Leonardo Carvalho | Itaquaquecetuba
DESTAQUES – Durante o anúncio, ao lado do prefeito, delegado Eduardo Boigues (PP), o secretário de segurança urbana, Anderson Caldeira, declarou que “na contramão dos eventos culturais, os chamados fluxos clandestinos causam aglomerações, fecham as vias, promovem a insegurança e reúnem a juventude em meio ao tráfico de drogas e o consumo abusivo de álcool”.
Muitos bailes em diversas periferias das cidades causam incômodo à população ao redor, com músicas altas durante a madrugada, porém a reação do Estado com violência é o oposto da exigência da juventude por mais cultura e lazer.
Os investimentos culturais na cidade sempre são escassos, se resumindo a uma ou duas atividades em todo o ano, como o caso do evento “Cultura Itinerante”, realizado pela mesma prefeitura em julho deste ano, com atrações escolhidas pela própria pasta sem abordar amplamente os gostos musicais da juventude da periferia além de servir de vitrine para consumo em trailers de foodtruck com preços que não chegam perto de serem populares.

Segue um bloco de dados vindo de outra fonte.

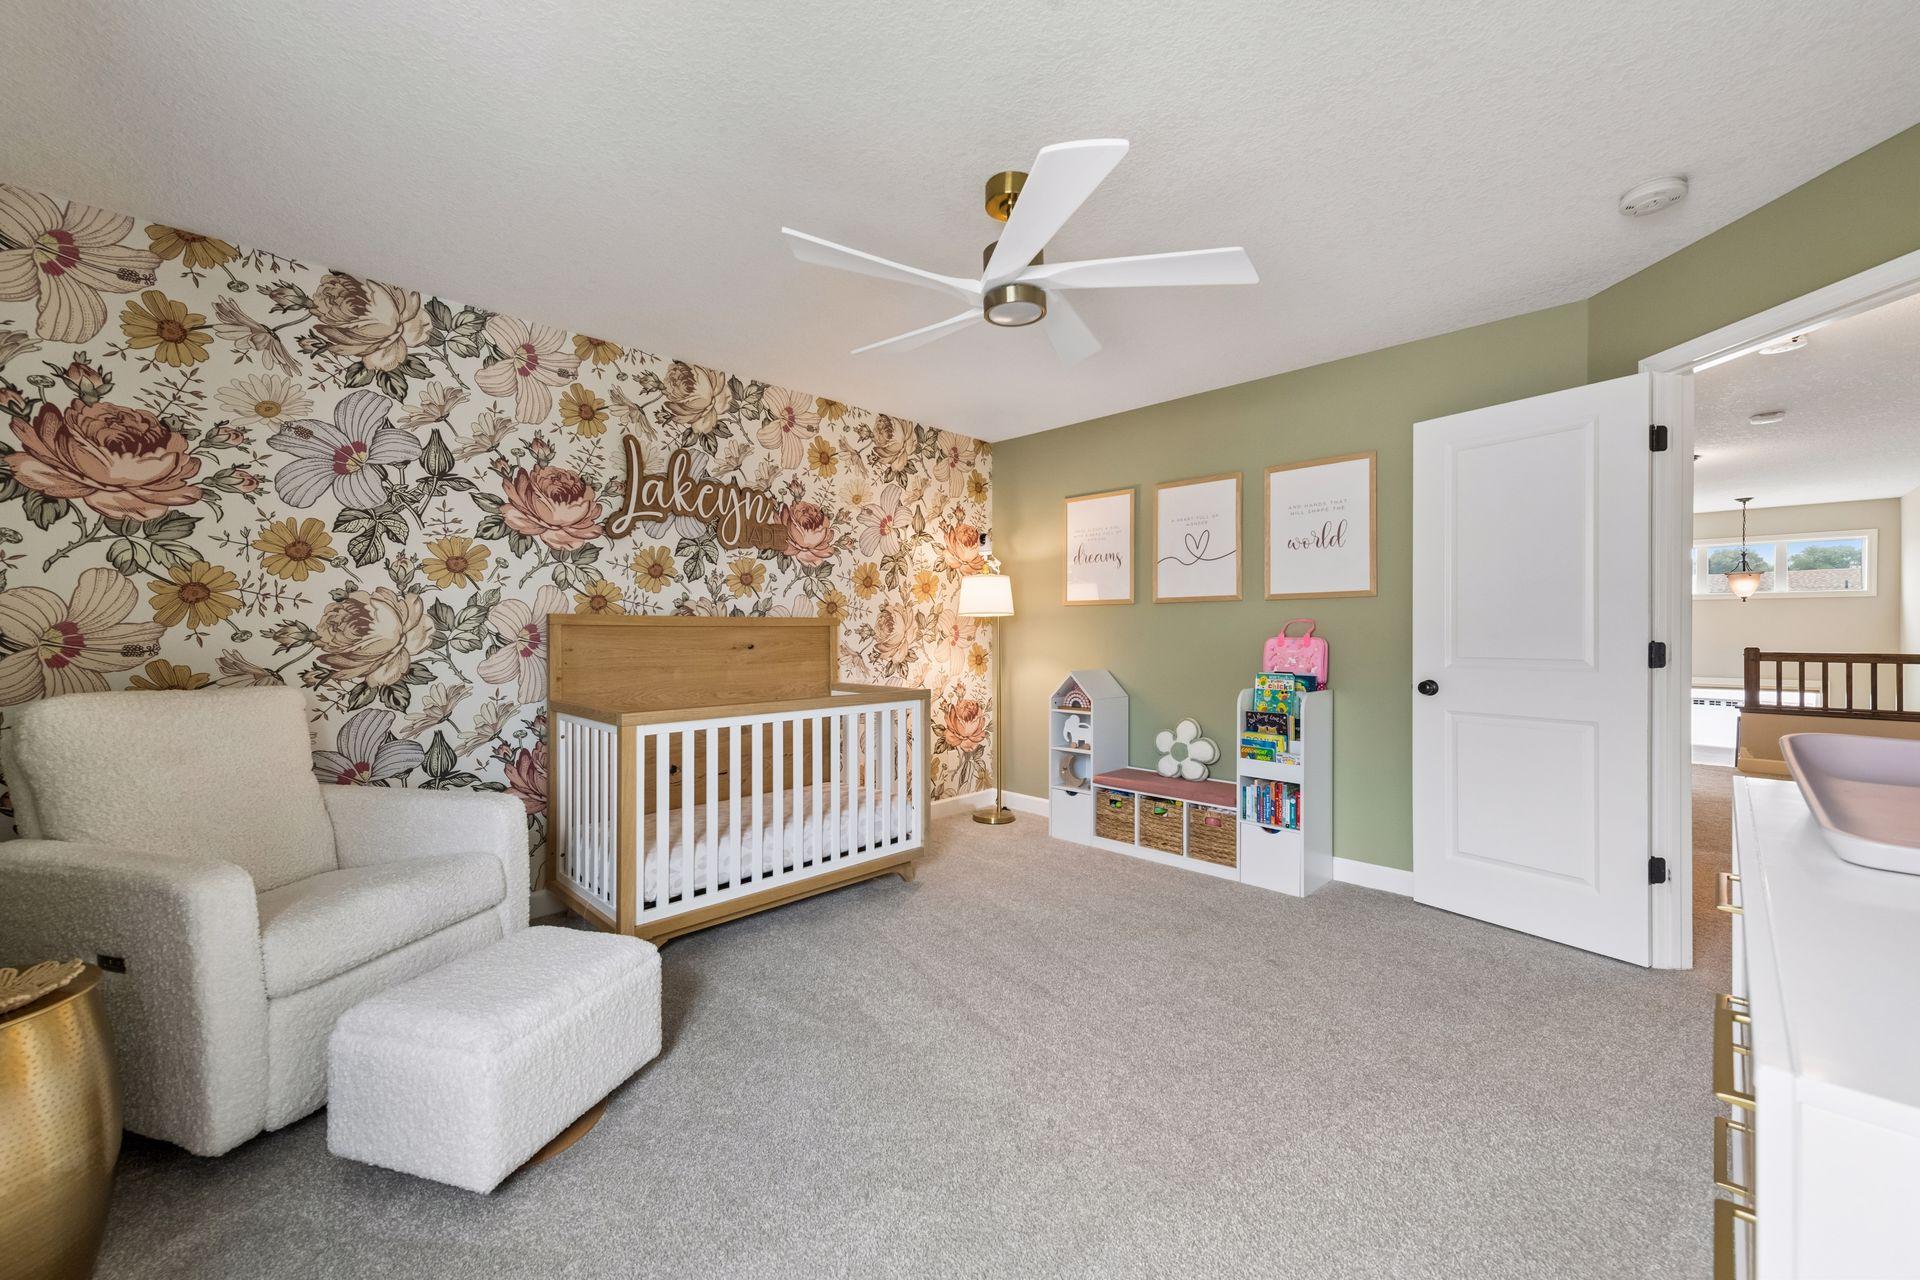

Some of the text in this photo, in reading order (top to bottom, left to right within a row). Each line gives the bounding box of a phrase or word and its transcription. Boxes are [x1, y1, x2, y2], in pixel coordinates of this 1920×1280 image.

[611, 438, 771, 546] Lakeyn
[1287, 518, 1348, 550] world
[1073, 542, 1122, 568] dreams
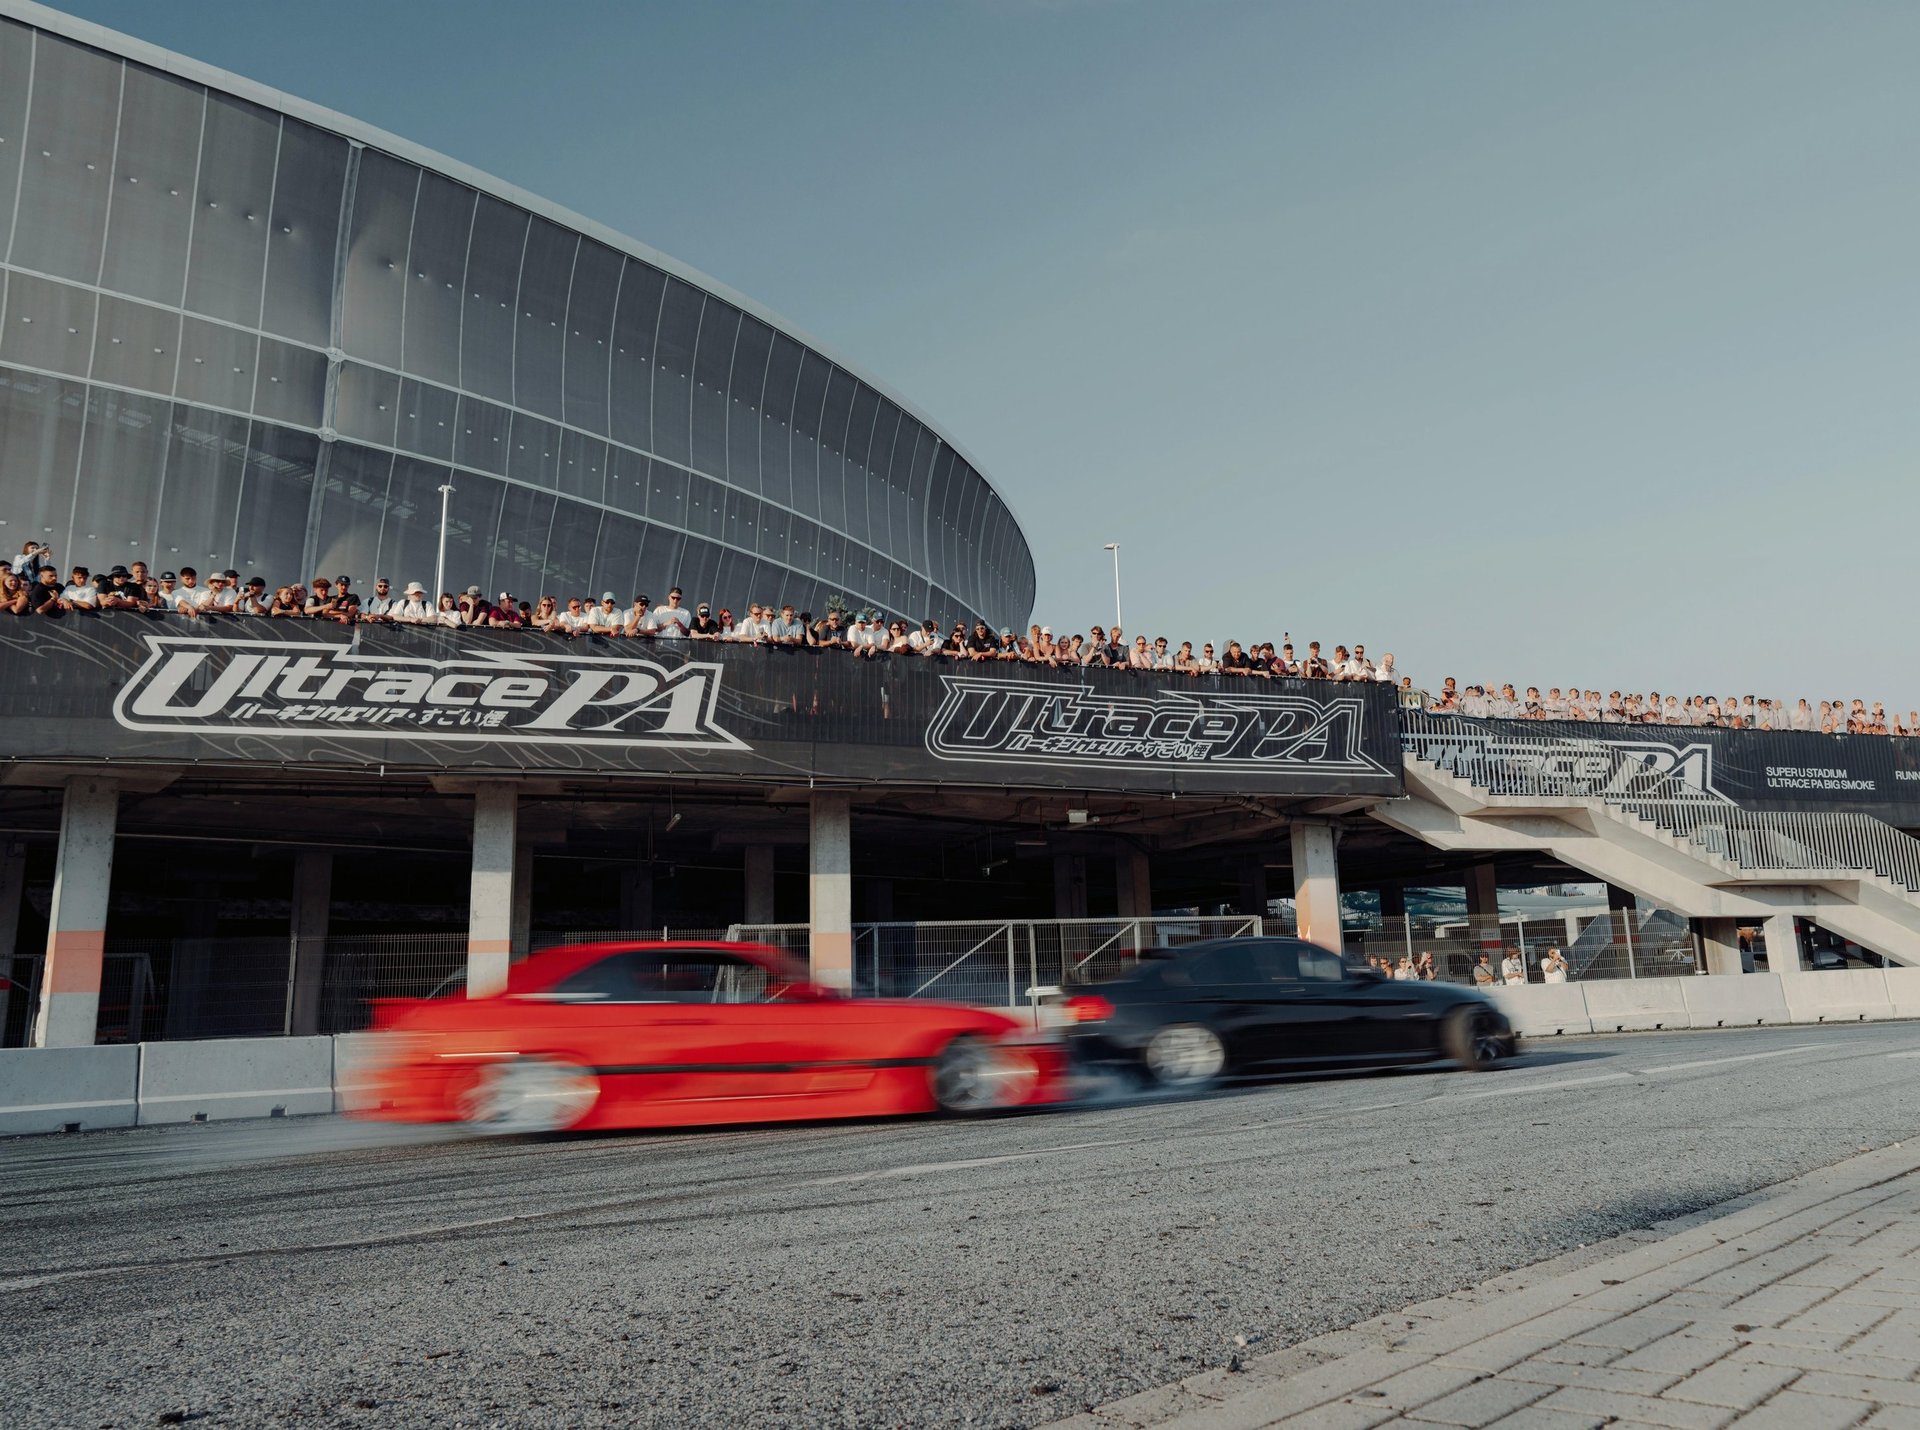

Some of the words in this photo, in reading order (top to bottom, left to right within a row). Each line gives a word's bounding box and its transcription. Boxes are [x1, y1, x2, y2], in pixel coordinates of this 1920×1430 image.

[132, 652, 549, 718] Ultrace
[510, 669, 709, 735] PA
[1210, 707, 1353, 763] PA
[1766, 767, 1798, 777] SUPER
[1806, 768, 1847, 779] STADIUM
[1767, 778, 1811, 789] ULTRACE
[1811, 779, 1824, 789] PA
[1824, 780, 1841, 790] BIG
[1841, 780, 1876, 791] SMOKE

Já para as periferias, o lazer que sobra para a juventude são os bares e os bailes realizados pela própria população de forma autônoma e nos espaços que são possíveis, sem nenhum apoio de estrutura por parte do Estado.

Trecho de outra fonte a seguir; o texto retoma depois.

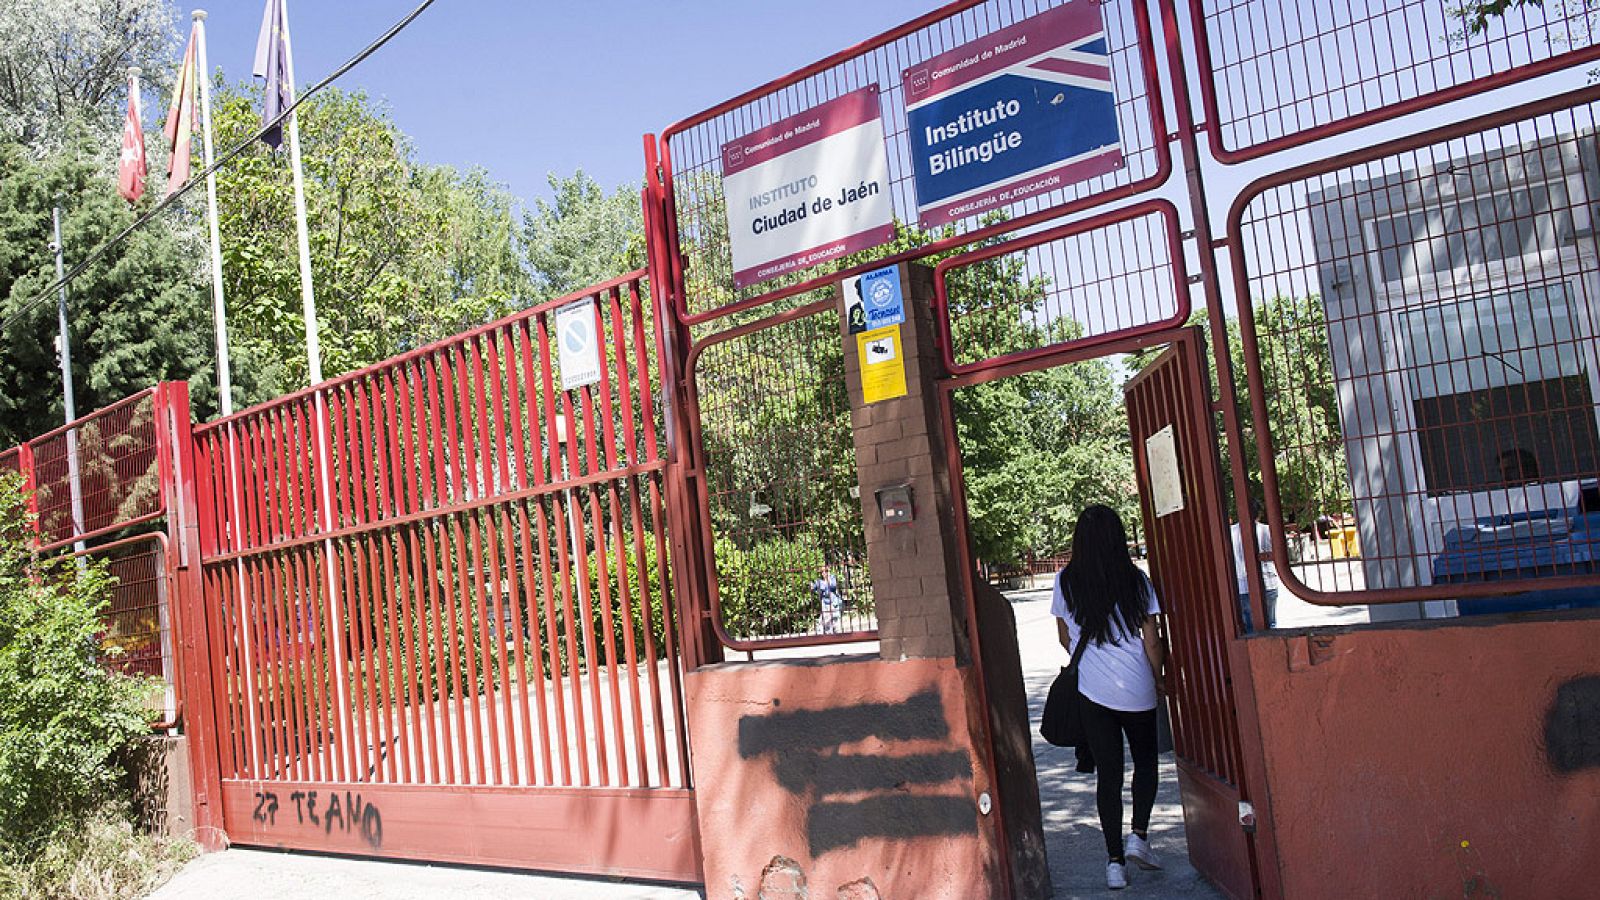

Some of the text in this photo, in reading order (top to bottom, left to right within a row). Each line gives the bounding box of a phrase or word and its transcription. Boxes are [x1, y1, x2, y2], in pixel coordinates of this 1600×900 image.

[930, 35, 1027, 81] Comunidad de Madrid
[744, 119, 821, 155] Comunidad de Madrid
[924, 99, 1021, 146] Instituto
[929, 130, 1023, 176] Bilingüe
[750, 174, 819, 210] INSTITUTO
[752, 180, 880, 235] Ciudad de Jaén
[948, 175, 1061, 217] CONSEJERÍA DE EDUCACIÓN
[757, 243, 847, 278] CONSEJERÍA DE EDUCACIÓN
[865, 268, 893, 281] ALARMA
[253, 790, 279, 826] 27
[290, 790, 320, 826] TE

O consumo excessivo de drogas é uma realidade generalizada de grande parte da juventude, rica ou pobre. Porém, a guerra às drogas alimentada pelo Estado com altos investimentos em armas e mecanismos de violência, que muitas vezes param nas mãos do próprio tráfico através de propinas, se dá somente nas favelas contra os mais pobres.
O alto escalão da polícia e do tráfico seguem impunes e enriquecendo e, quando raramente investigados e julgados, são muito menos punidos que os pobres.
Já a imensa maioria da juventude usuária que é reprimida são pobres e negros, enquanto o mesmo uso de jovens ricos em baladas de alto padrão é permitido como se a lei não existisse. Logo a repressão dos bailes funk com a prerrogativa de combate às drogas apenas reforça o elitismo e a punição somente dos mais pobres.
Criminalizar o funk e declarar que “vai na contramão dos eventos culturais” é mostrar como o poder burguês do estado não reconhece a cultura da população mais pobre como digna de investimento, marginalizando cada vez mais nossa juventude, fazendo com que “se vire” para se divertir da forma que dá, com acesso ao lazer cada vez mais restrito e incentivando ainda mais o contato com as organizações criminosas que se colocam como alternativa ao Estado e suporte para essa população esquecida pelas prefeituras.
Se queremos mais tranquilidade sem baile funk em frente a casa dos trabalhadores na periferia devemos cobrar do Estado uma reforma urbana que invista no lazer e na cultura que a periferia reconhece, exercendo seu direito de ouvir as músicas que gostam não na margem da sociedade, mas amparada por ela com estruturas públicas suficientes como somente os ricos têm.